=== Description of the task ===
Write out each record exactly as it stands. No pictures belong in the copy.

(Images for object localization)
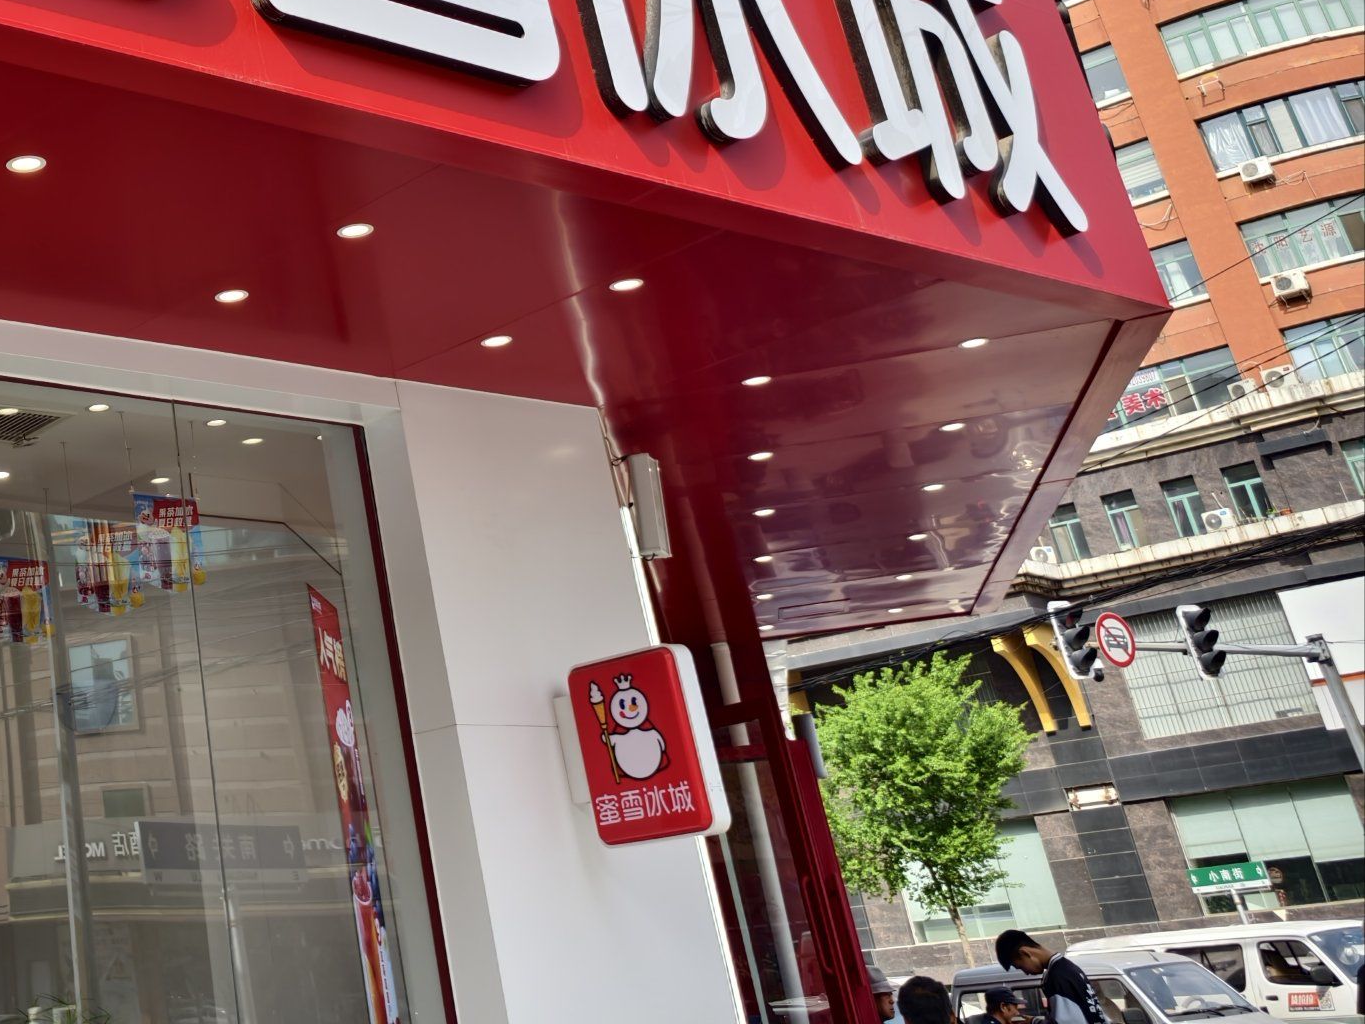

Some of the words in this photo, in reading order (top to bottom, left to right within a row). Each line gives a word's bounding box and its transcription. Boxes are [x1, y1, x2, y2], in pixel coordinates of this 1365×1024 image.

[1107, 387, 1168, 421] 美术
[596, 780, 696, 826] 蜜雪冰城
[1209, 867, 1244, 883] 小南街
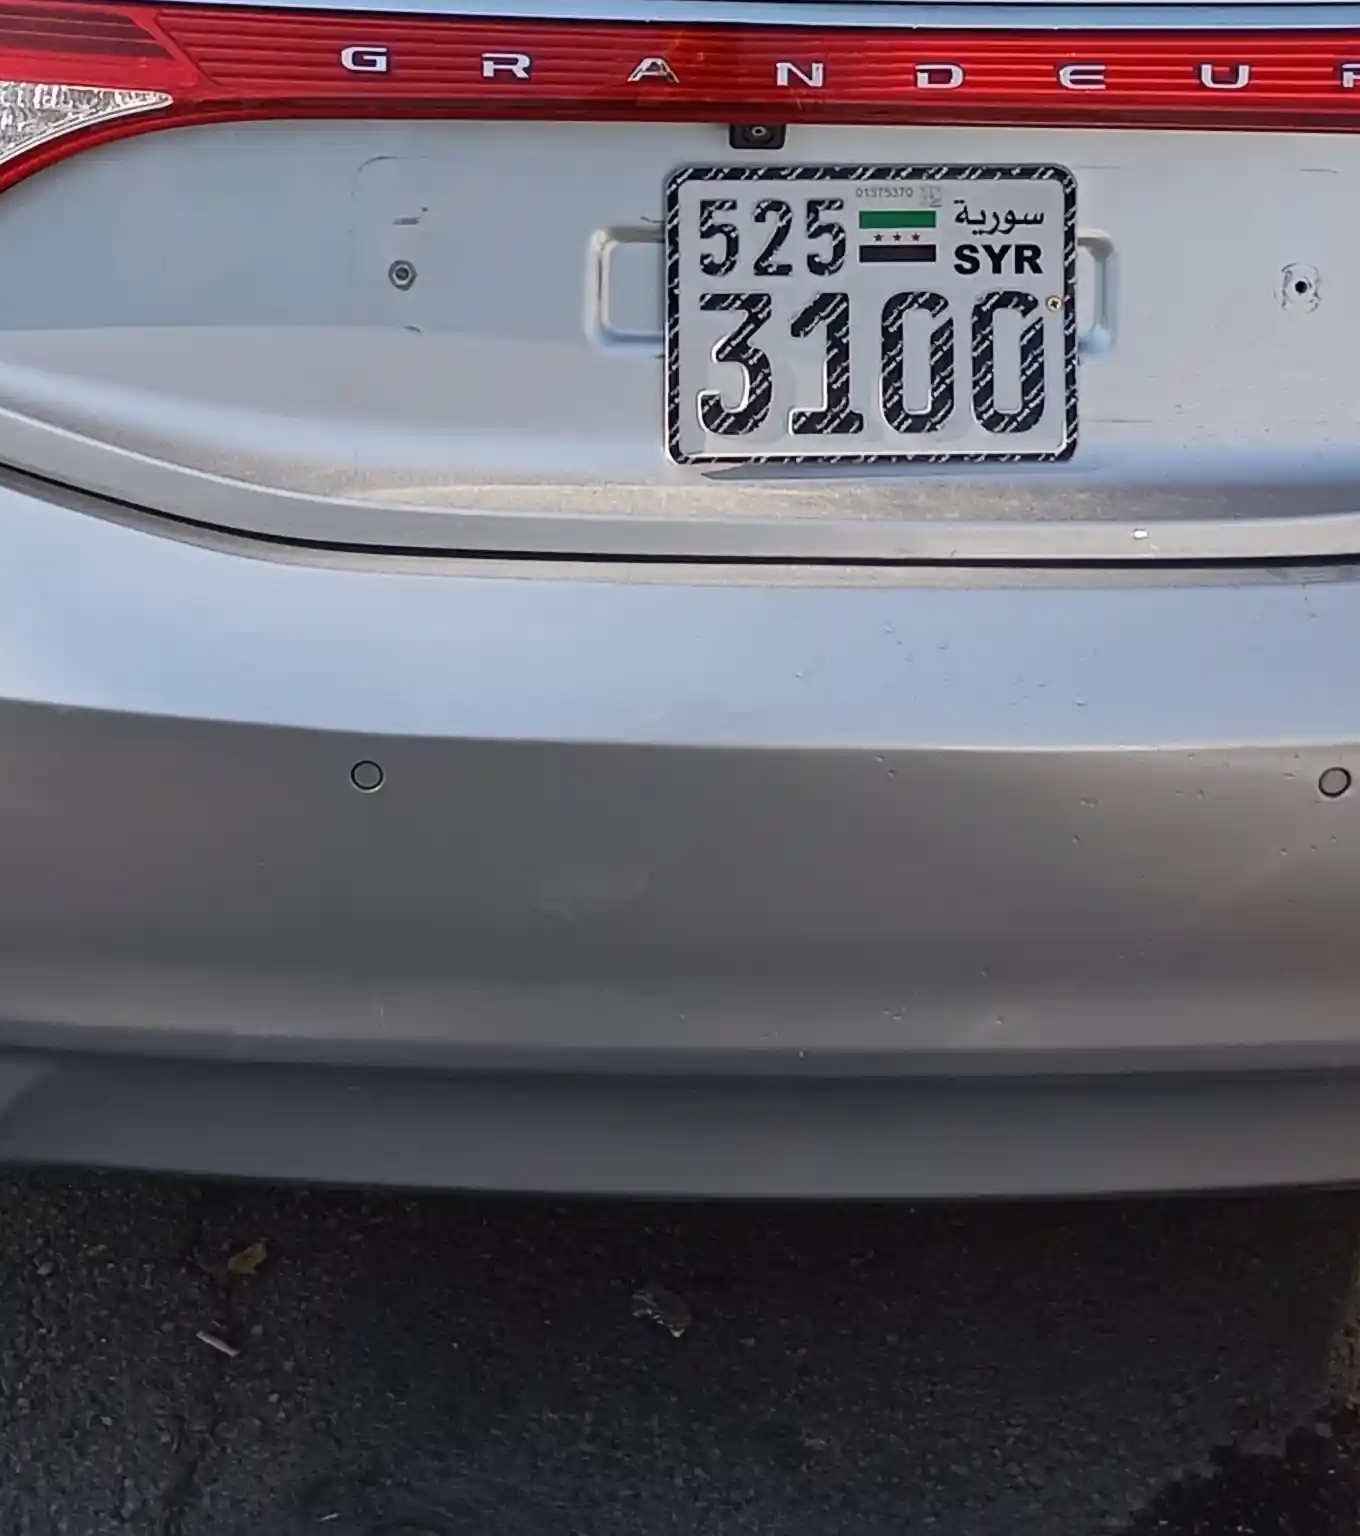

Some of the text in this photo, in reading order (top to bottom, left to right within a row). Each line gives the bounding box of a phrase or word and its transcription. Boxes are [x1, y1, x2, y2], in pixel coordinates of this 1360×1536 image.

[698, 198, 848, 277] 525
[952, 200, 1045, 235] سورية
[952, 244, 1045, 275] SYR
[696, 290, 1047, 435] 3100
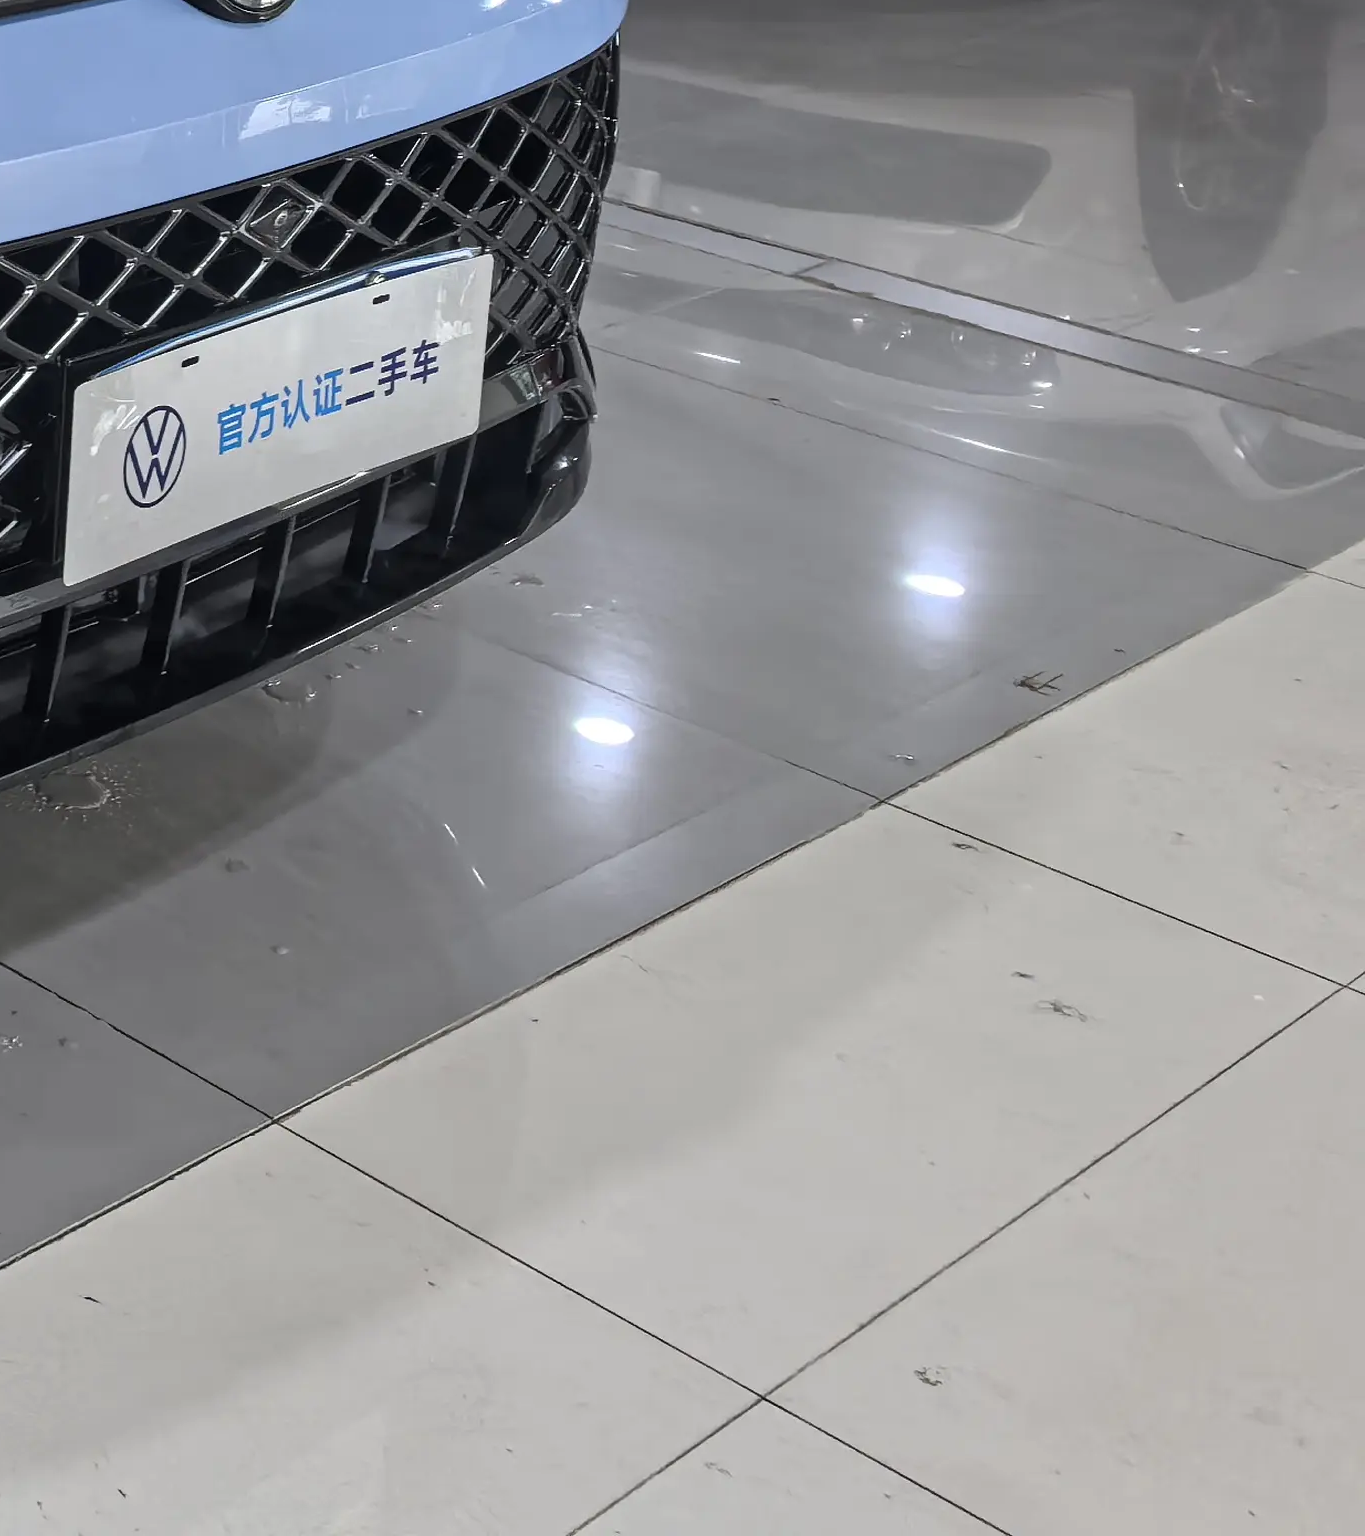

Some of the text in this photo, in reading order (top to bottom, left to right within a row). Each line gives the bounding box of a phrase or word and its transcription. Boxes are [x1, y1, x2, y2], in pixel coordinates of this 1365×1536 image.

=== Result ===
Some of the words in this photo, in reading order (top to bottom, left to right within a row). Each line gives a word's bounding box and its transcription. Boxes are [x1, y1, x2, y2], in pixel coordinates of this 1365×1024 image.

[1107, 387, 1168, 421] 美术
[596, 780, 696, 826] 蜜雪冰城
[1209, 867, 1244, 883] 小南街

Some of the text in this photo, in reading order (top to bottom, left to right within a row). Each line gives the bounding box of a phrase or word and its transcription. Boxes are [x1, y1, x2, y2], in pixel coordinates of this 1360×1536 image.

[698, 198, 848, 277] 525
[952, 200, 1045, 235] سورية
[952, 244, 1045, 275] SYR
[696, 290, 1047, 435] 3100

Some of the text in this photo, in reading order (top to bottom, left to right within a row). Each line gives the bounding box of a phrase or word and its transcription. Boxes are [x1, y1, x2, y2], in pixel coordinates of this 1365×1536 image.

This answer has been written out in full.